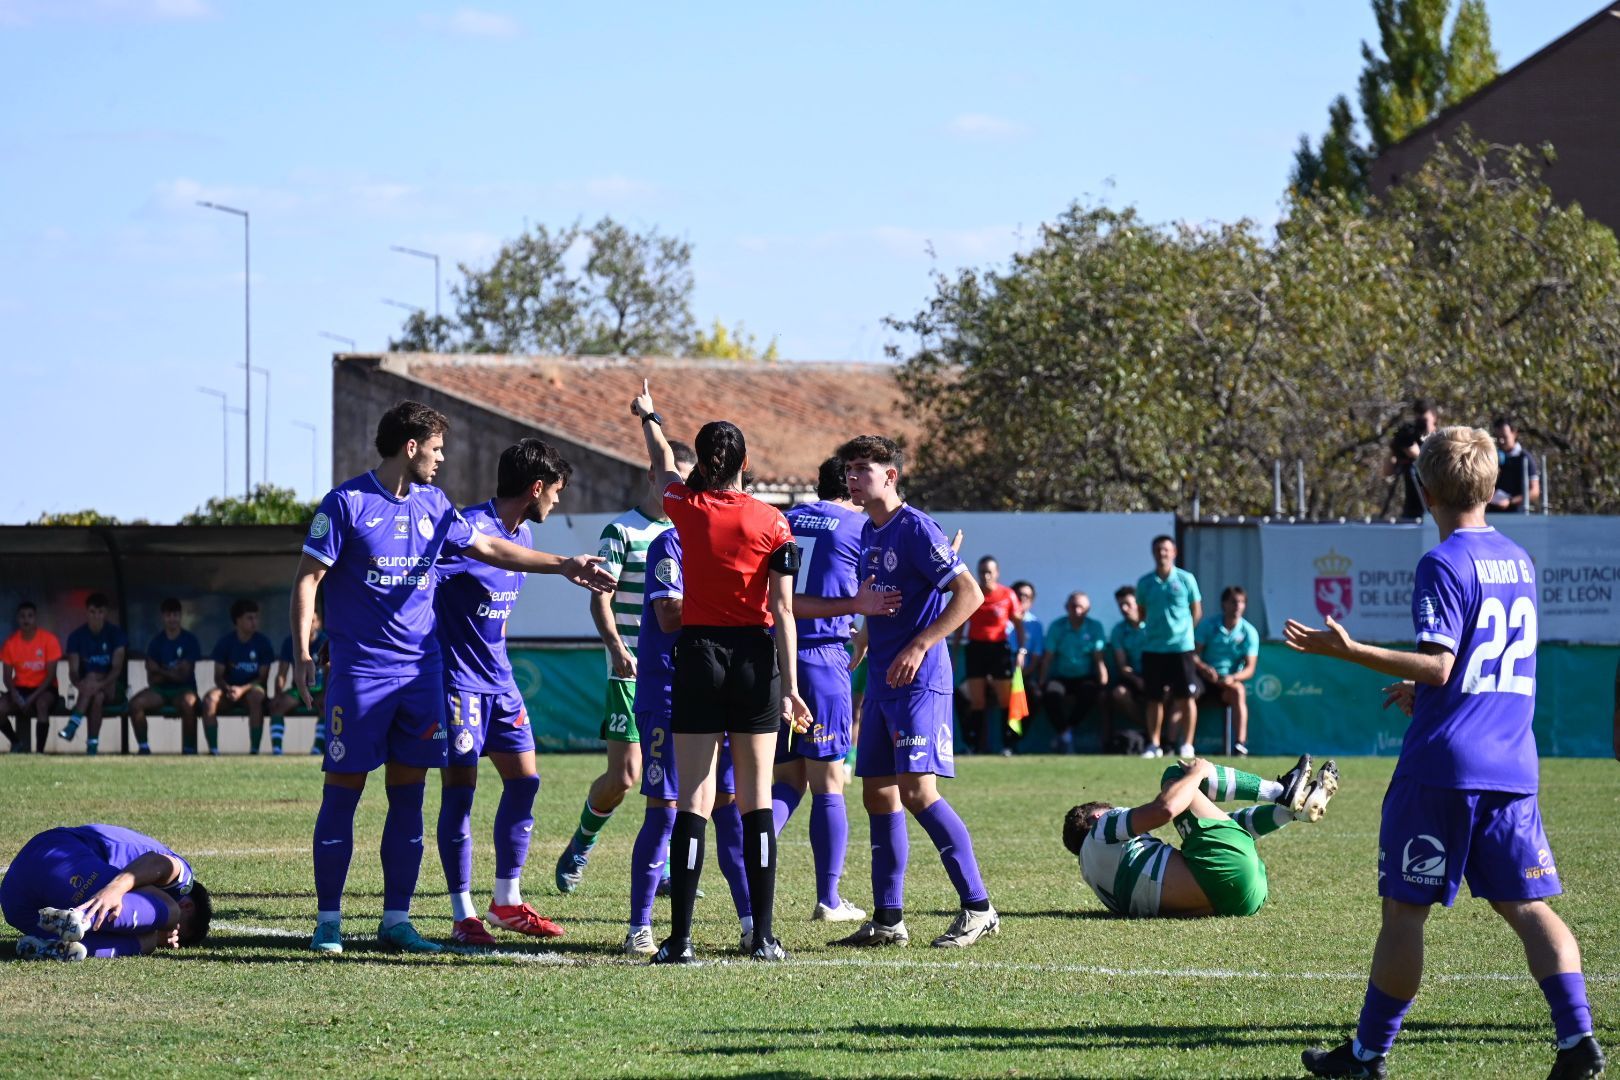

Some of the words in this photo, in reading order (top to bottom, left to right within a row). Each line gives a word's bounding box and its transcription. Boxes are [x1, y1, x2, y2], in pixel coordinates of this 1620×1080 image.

[793, 514, 840, 531] PEREDO
[377, 554, 431, 567] euronics
[1474, 559, 1519, 584] ALVARO
[1518, 559, 1533, 584] G.
[1359, 590, 1380, 606] DE
[1543, 587, 1563, 604] DE
[1568, 582, 1612, 603] LEÓN
[1462, 596, 1537, 696] 22
[331, 705, 343, 735] 6
[450, 695, 481, 727] 15
[609, 713, 628, 733] 22
[650, 727, 665, 758] 2
[896, 735, 928, 748] antolin
[1402, 874, 1424, 885] TACO
[1424, 877, 1444, 886] BELL
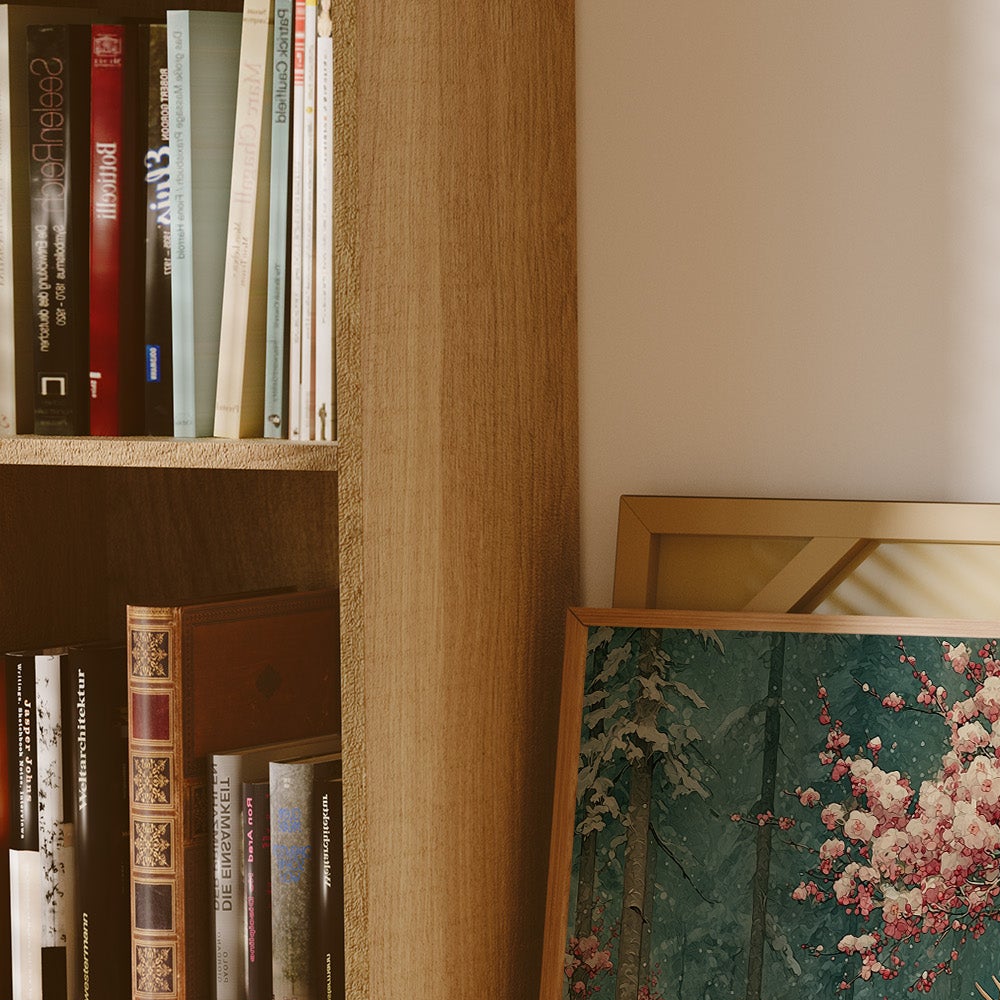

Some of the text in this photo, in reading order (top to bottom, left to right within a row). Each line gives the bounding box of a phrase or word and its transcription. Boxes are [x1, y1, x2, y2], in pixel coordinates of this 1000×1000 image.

[24, 699, 33, 803] Jasper Johns
[77, 668, 87, 811] Weltarchitektur
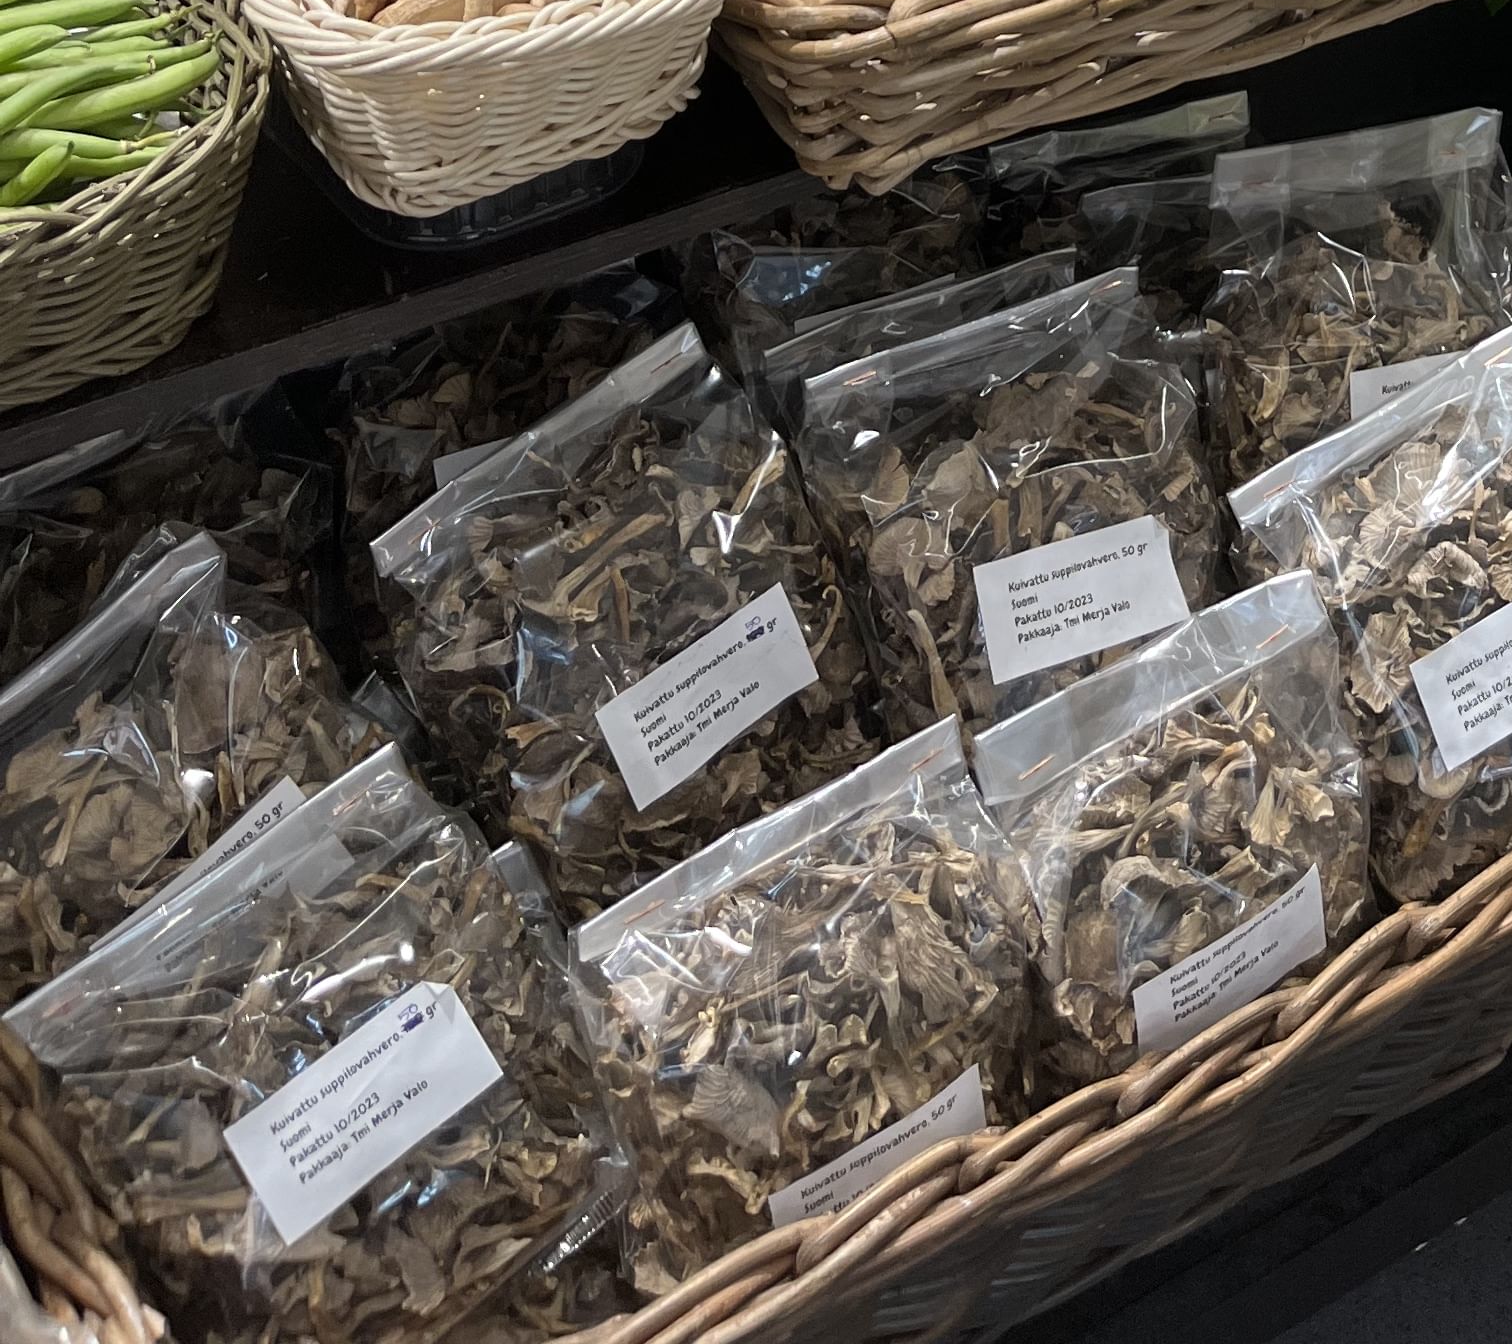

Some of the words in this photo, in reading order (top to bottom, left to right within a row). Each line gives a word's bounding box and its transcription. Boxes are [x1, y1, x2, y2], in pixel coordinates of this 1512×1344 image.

******

*Exercise brief*.
Working from the line containing "Some of the text" to the last line of the data, retype every line exactly, both ends included, and leave out all pictures.

*Written answer*.
Some of the text in this photo, in reading order (top to bottom, left to right within a row). Each line gives the bounding box of a phrase or word and its transcription. Boxes are [x1, y1, x2, y2], in pixel coordinates of this 1000×1000 image.

[24, 699, 33, 803] Jasper Johns
[77, 668, 87, 811] Weltarchitektur

Some of the words in this photo, in reading order (top to bottom, left to right within a row). Each line gives a word's bounding box and its transcription. Boxes are [x1, y1, x2, y2], in pixel coordinates of this 1512×1344 image.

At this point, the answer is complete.